Ambiguity and Enigma: Recent Quilts by Michael James includes what may be this artist’s most cohesive and introspective work to date. Somber, dark, and mysterious, they play bold strokes off ethereal sky spaces, and stabbed marks against lyrical, though interrupted, linear networks. Leaves, branches, grasses and water remind us of the inexorable cycling of the seasons, death and rot leading to new life leading to death yet again. While the broad vistas of the Plains can seem hopeful, they can be lonely and can seem oppressive too, especially when the sky lowers and bears down ominously. The presence of the landscape can be as discomfiting as comforting. Its expanse can as easily fill one with despair as with optimism.

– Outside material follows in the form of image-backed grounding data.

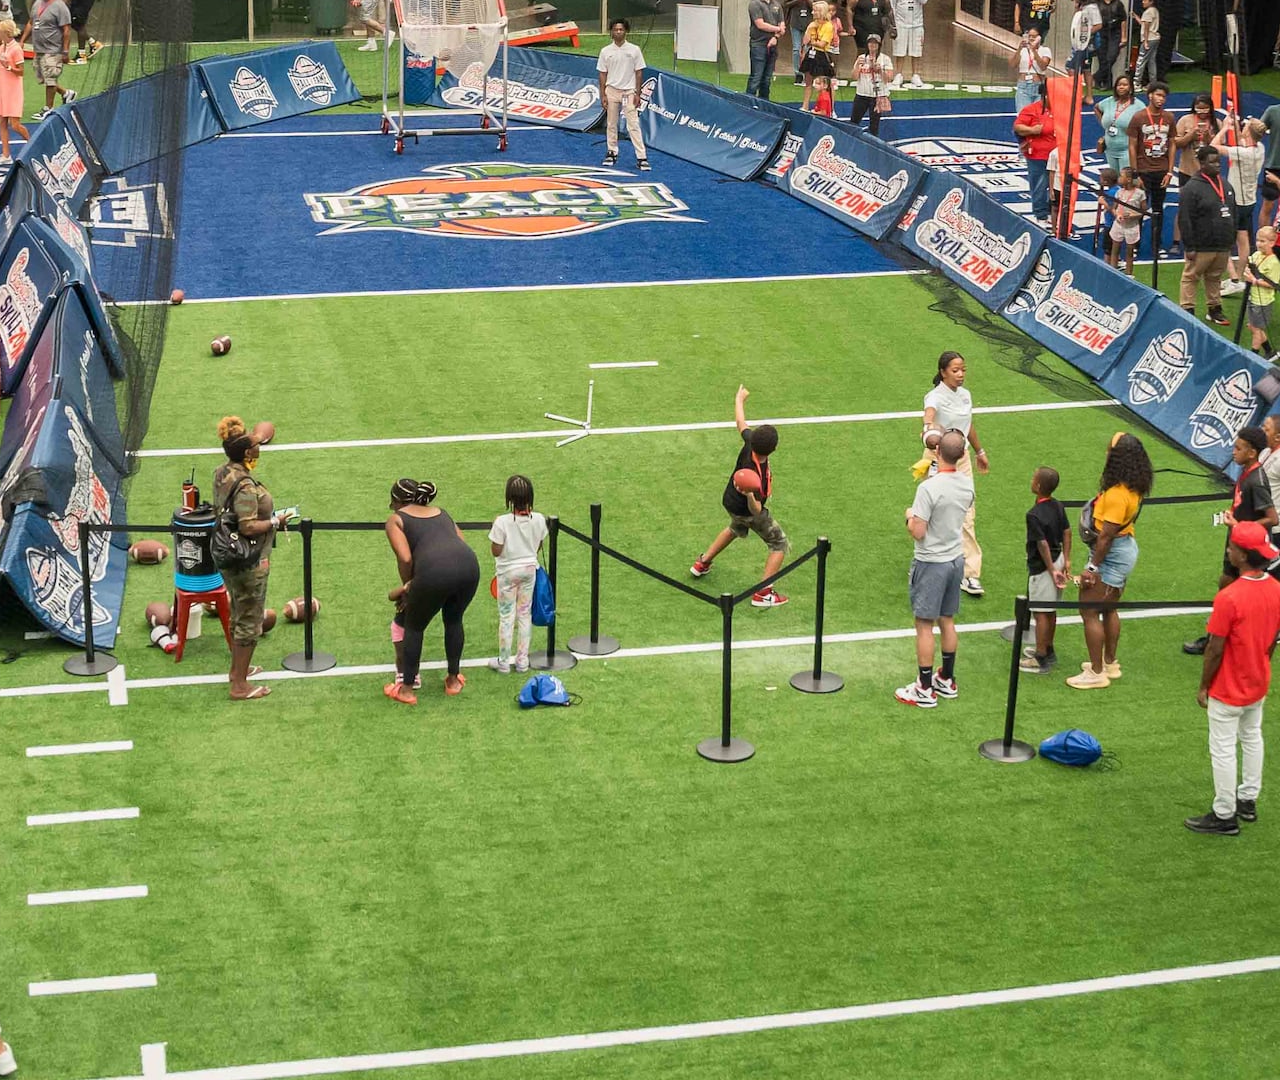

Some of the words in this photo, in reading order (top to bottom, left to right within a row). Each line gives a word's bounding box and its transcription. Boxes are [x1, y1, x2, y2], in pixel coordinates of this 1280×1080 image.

[509, 85, 544, 103] PEACH
[542, 93, 580, 110] BOWL
[510, 103, 573, 120] ZONE
[804, 172, 842, 201] SKILL
[834, 190, 882, 218] ZONE
[843, 165, 871, 194] PEACH
[868, 176, 890, 201] BOWL
[321, 186, 667, 218] PEACH
[400, 207, 609, 221] BOWL
[930, 229, 970, 266] SKILL
[959, 255, 1004, 287] ZONE
[0, 295, 22, 339] SKILL
[1046, 304, 1081, 335] SKILL
[1073, 324, 1114, 350] ZONE

James’s newest quilts have grown out of a very personal experience of loss and mourning, yet they aspire to universal resonance. His sorrow and pain are familiar to each of us, and have no less impact for that ubiquity. Our human destiny is to live, to love, to lose, to mourn. These quilts embody one artist’s reflections on that destiny.

About the Artist

About the Artist
About the Artist

Michael James works in the medium of quilted fabric constructions. His textiles have been recognized and exhibited internationally. They are included in the collections of the Museum of Arts & Design in New York City, the Racine Art Museum, the Newark Museum, the Mint Museum, the Indianapolis Museum of Art, the Shelburne Museum, the Baltimore Museum of Art, and the Renwick Gallery of the American Art Museum at the Smithsonian Institution, among others. 

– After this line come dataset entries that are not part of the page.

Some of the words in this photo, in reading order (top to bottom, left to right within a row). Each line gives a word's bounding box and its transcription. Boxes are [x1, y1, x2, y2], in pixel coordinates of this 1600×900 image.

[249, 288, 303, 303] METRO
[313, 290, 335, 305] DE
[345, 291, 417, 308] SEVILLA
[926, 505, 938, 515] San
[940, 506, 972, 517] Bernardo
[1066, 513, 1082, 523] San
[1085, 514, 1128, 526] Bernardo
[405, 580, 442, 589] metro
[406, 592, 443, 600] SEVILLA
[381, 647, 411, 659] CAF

For his work in the area of non-traditional quilts James was awarded an Honorary Doctor of Fine Arts degree in 1992 by his undergraduate alma mater, the University of Massachusetts at Dartmouth, became a Fellow of the American Craft Council in 2001, and in 2009 was honored with the University of Nebraska’s system-wide “Outstanding Research and Creative Activity” Award (ORCA), given for a sustained record of excellent accomplishment in research or creative activity while at the university. Since 2002 he has focused his creative efforts on digital textile printing and its interface with the quilt as mixed media platform. His work explores the liminal and fluid borderland between the physical and metaphysical worlds. 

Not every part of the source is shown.